- Stored data
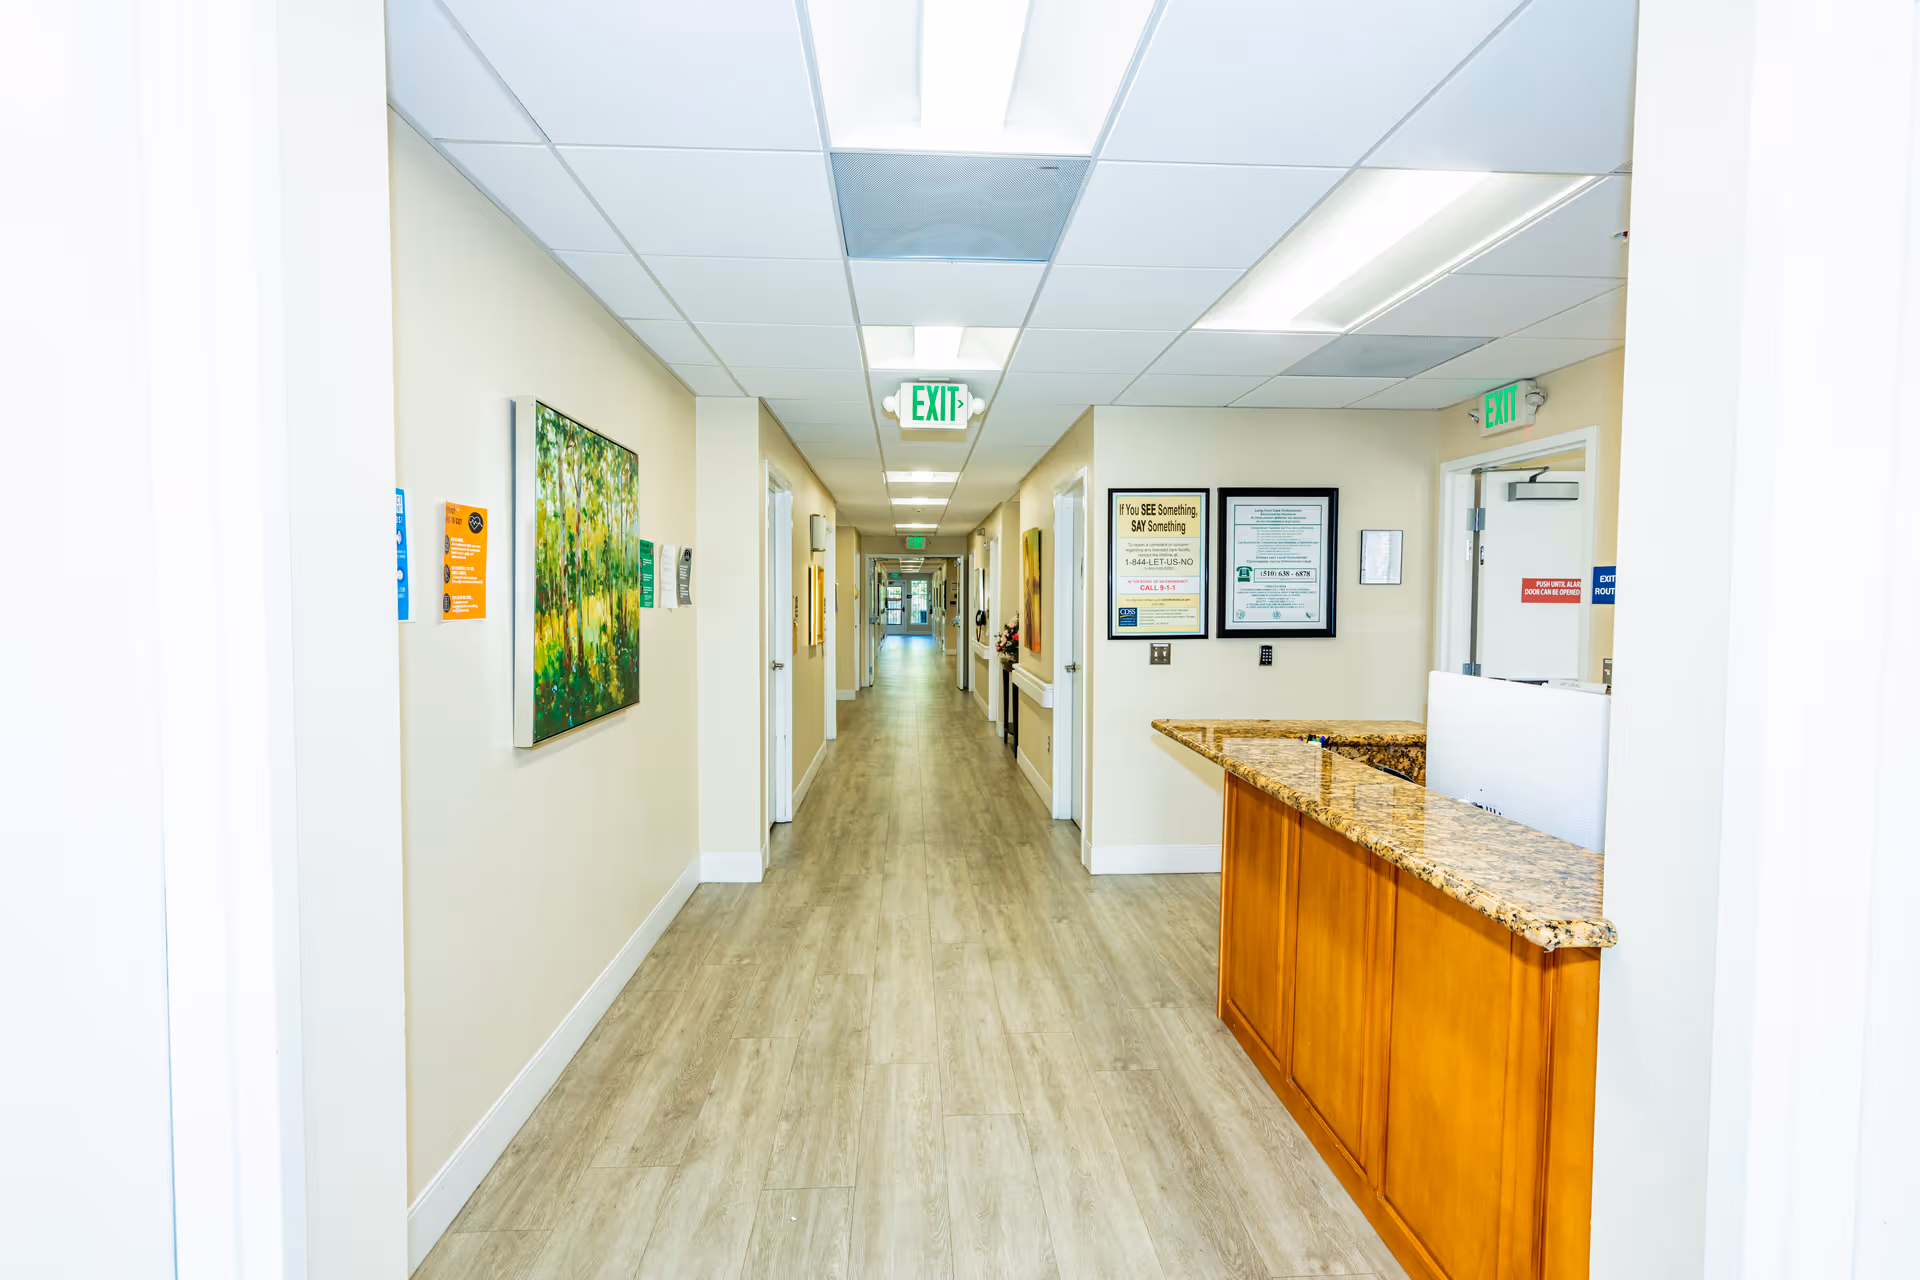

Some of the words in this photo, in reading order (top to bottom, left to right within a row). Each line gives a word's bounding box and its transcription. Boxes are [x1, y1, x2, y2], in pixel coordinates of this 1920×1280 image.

[912, 385, 960, 422] EXIT
[1485, 384, 1518, 428] EXIT
[1120, 504, 1124, 516] If
[1126, 504, 1140, 516] You
[1141, 504, 1156, 516] SEE
[1158, 504, 1198, 518] Something,
[1131, 520, 1146, 532] SAY
[1148, 520, 1186, 535] Something
[909, 536, 924, 548] EXIT
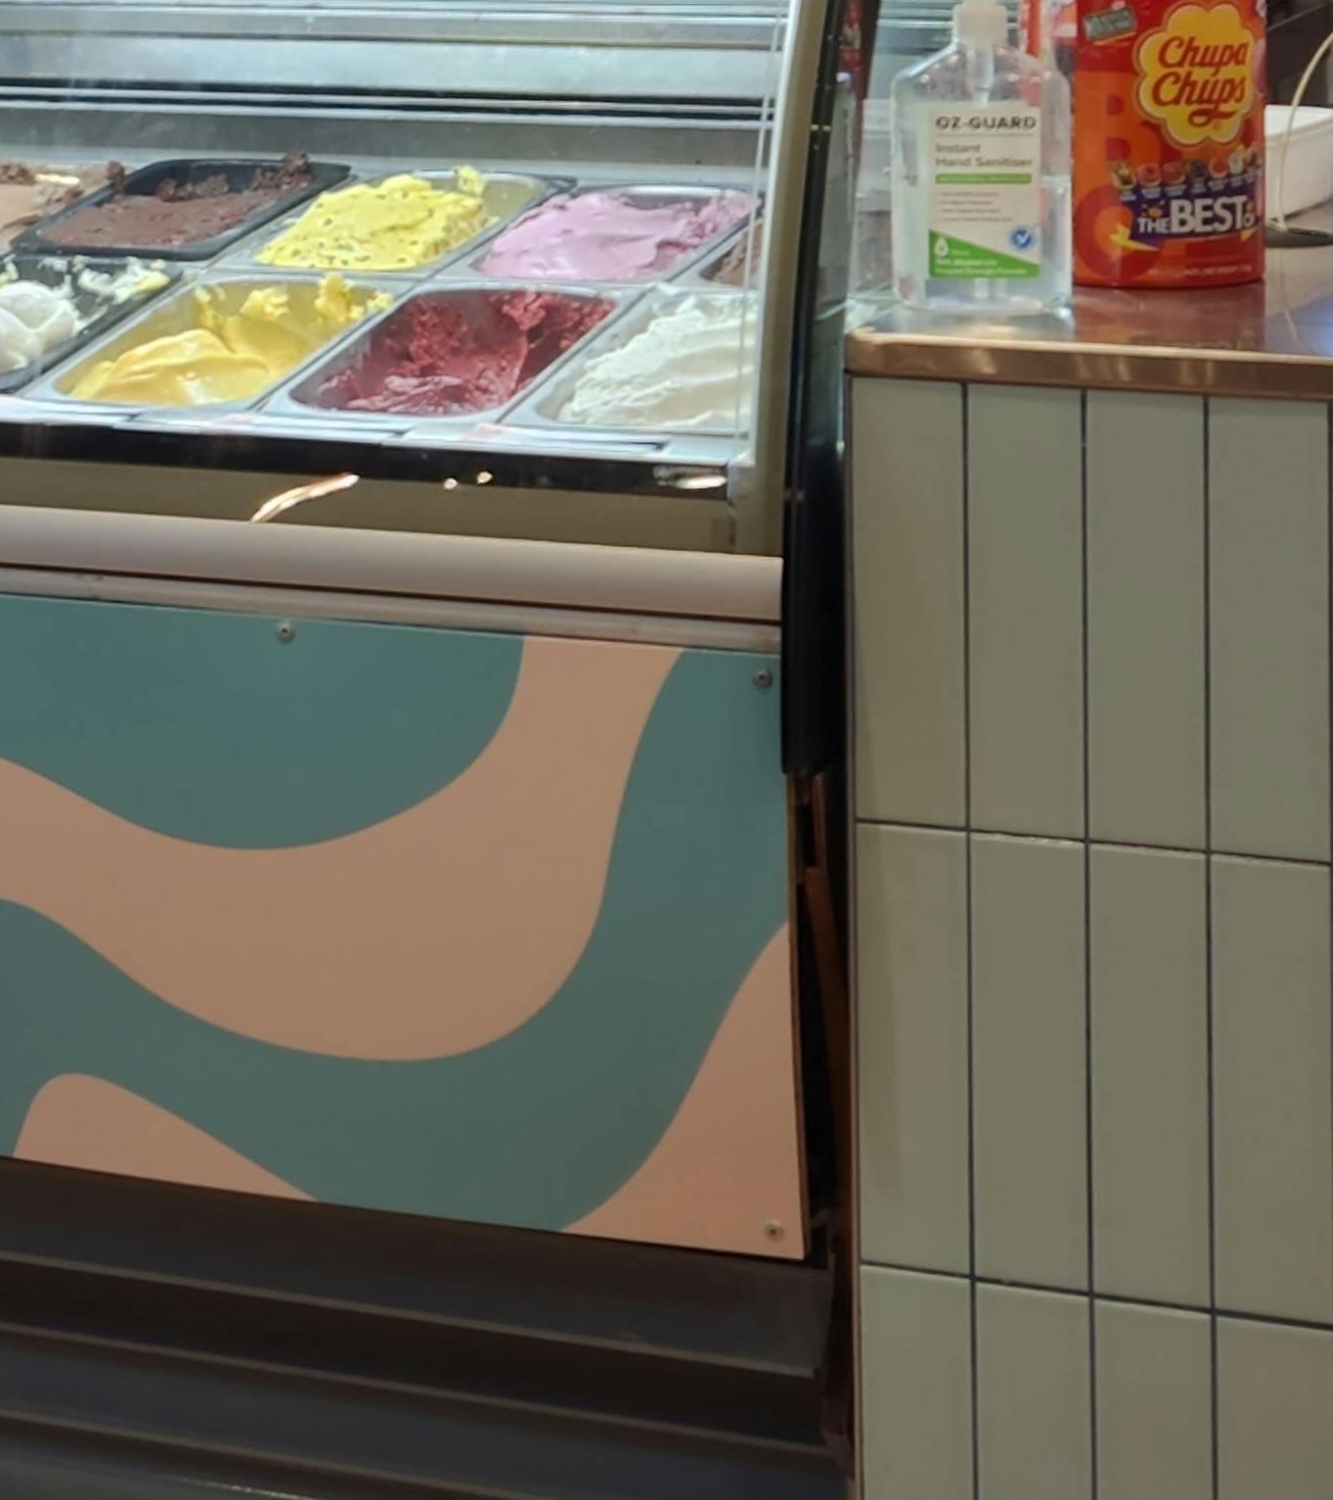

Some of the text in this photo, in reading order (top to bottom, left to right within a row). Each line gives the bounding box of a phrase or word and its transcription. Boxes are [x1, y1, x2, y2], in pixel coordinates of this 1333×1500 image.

- Task requirements
Write out each entry exactly as given, but skip the pictures.

- Result of this exercise
Some of the words in this photo, in reading order (top to bottom, left to right within a row). Each line gives a word's bounding box and its transcription. Boxes are [x1, y1, x2, y2], in pixel coordinates of this 1920×1280 image.

[912, 385, 960, 422] EXIT
[1485, 384, 1518, 428] EXIT
[1120, 504, 1124, 516] If
[1126, 504, 1140, 516] You
[1141, 504, 1156, 516] SEE
[1158, 504, 1198, 518] Something,
[1131, 520, 1146, 532] SAY
[1148, 520, 1186, 535] Something
[909, 536, 924, 548] EXIT

Some of the text in this photo, in reading order (top to bottom, left to right within a row). Each line gives the bounding box of a phrase or word and its transcription. Boxes are [x1, y1, x2, y2], in pixel coordinates of this 1333×1500 image.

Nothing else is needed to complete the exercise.